Task requirements
Each line of the records that follow must come back exactly, with pictures skipped.

Records to use
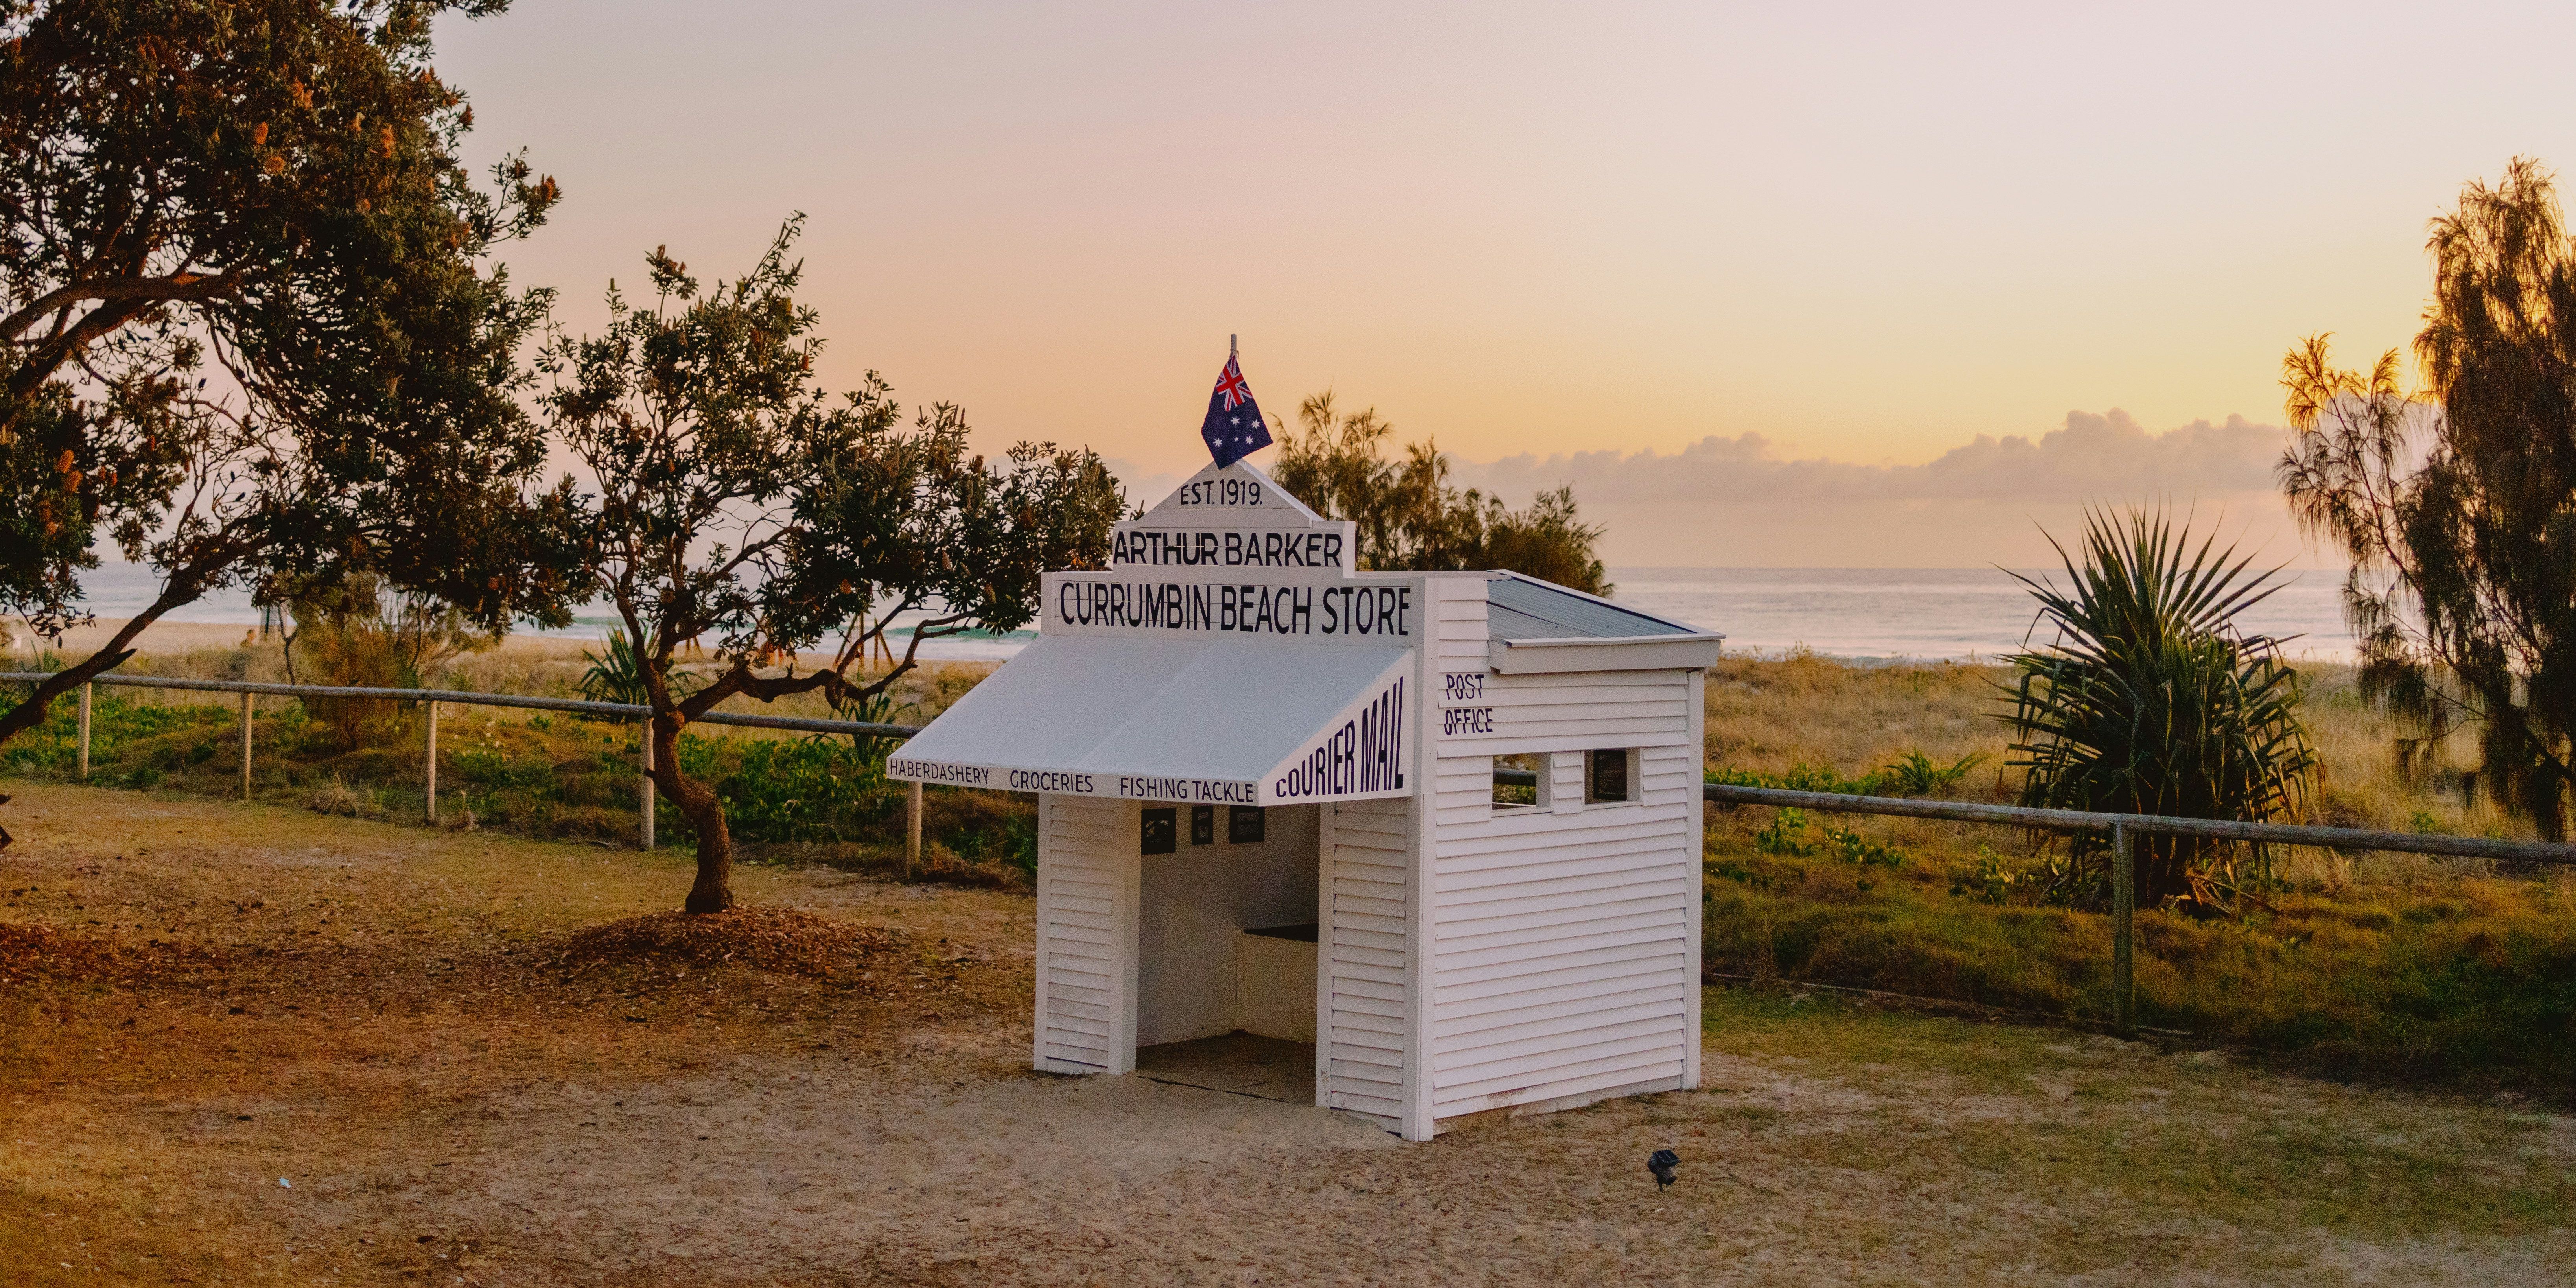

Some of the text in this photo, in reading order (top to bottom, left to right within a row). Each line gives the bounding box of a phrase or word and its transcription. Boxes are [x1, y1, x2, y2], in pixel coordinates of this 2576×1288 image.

[1181, 479, 1262, 505] EST. 1919.
[1113, 531, 1342, 567] ARTHUR BARKER
[1061, 583, 1410, 636] CURRUMBIN BEACH STORE
[1446, 674, 1484, 700] POST
[1276, 676, 1403, 797] COURIER MAIL
[1444, 708, 1492, 735] OFFICE
[890, 759, 1253, 803] HABERDASHERY GROCERIES FISHING TACKLE
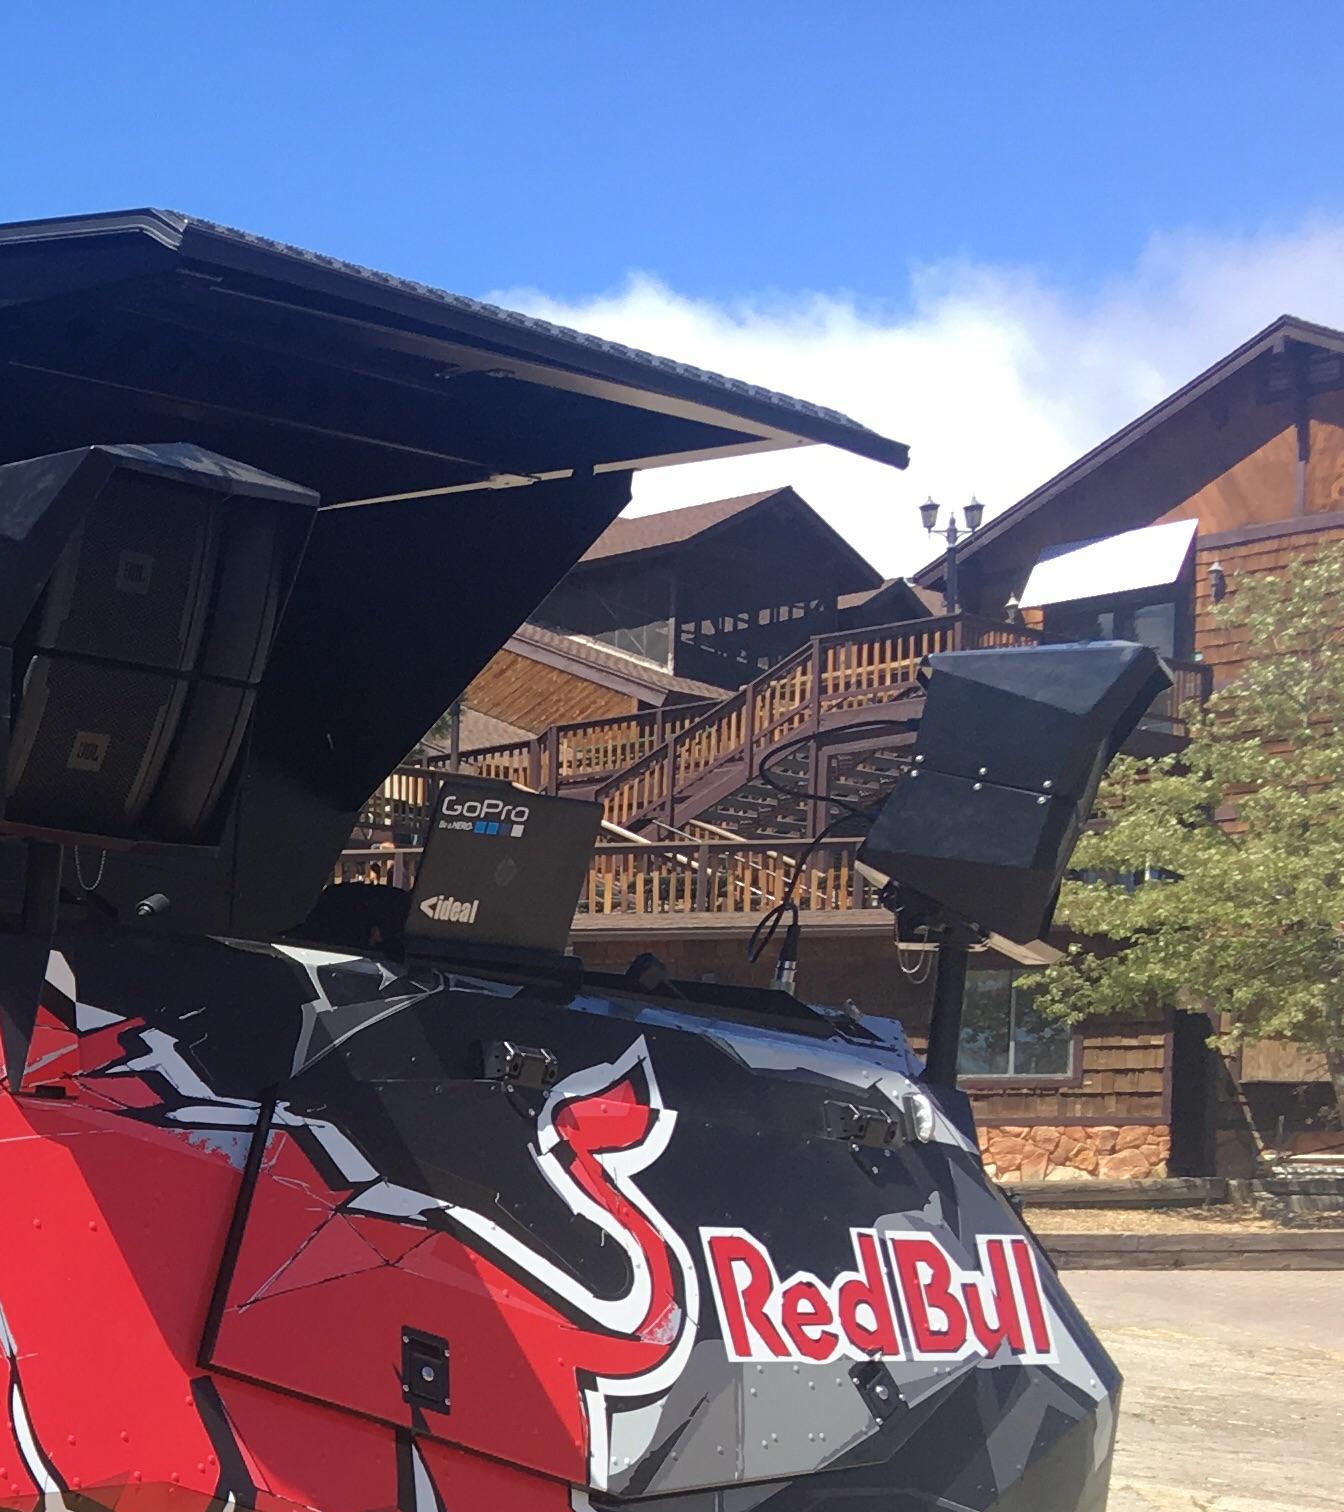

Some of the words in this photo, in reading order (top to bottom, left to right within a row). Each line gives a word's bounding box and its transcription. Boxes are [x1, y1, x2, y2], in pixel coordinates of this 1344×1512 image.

[441, 795, 531, 823] GoPro
[432, 894, 481, 925] ideal
[703, 1228, 903, 1362] Red
[888, 1232, 1056, 1362] Bull

Response area
Some of the text in this photo, in reading order (top to bottom, left to right within a row). Each line gives the bounding box of a phrase or word and its transcription. Boxes are [x1, y1, x2, y2], in pixel coordinates of this 2576×1288 image.

[1181, 479, 1262, 505] EST. 1919.
[1113, 531, 1342, 567] ARTHUR BARKER
[1061, 583, 1410, 636] CURRUMBIN BEACH STORE
[1446, 674, 1484, 700] POST
[1276, 676, 1403, 797] COURIER MAIL
[1444, 708, 1492, 735] OFFICE
[890, 759, 1253, 803] HABERDASHERY GROCERIES FISHING TACKLE

Some of the words in this photo, in reading order (top to bottom, left to right within a row). Each line gives a word's bounding box and its transcription. Boxes are [x1, y1, x2, y2], in pixel coordinates of this 1344×1512 image.

[441, 795, 531, 823] GoPro
[432, 894, 481, 925] ideal
[703, 1228, 903, 1362] Red
[888, 1232, 1056, 1362] Bull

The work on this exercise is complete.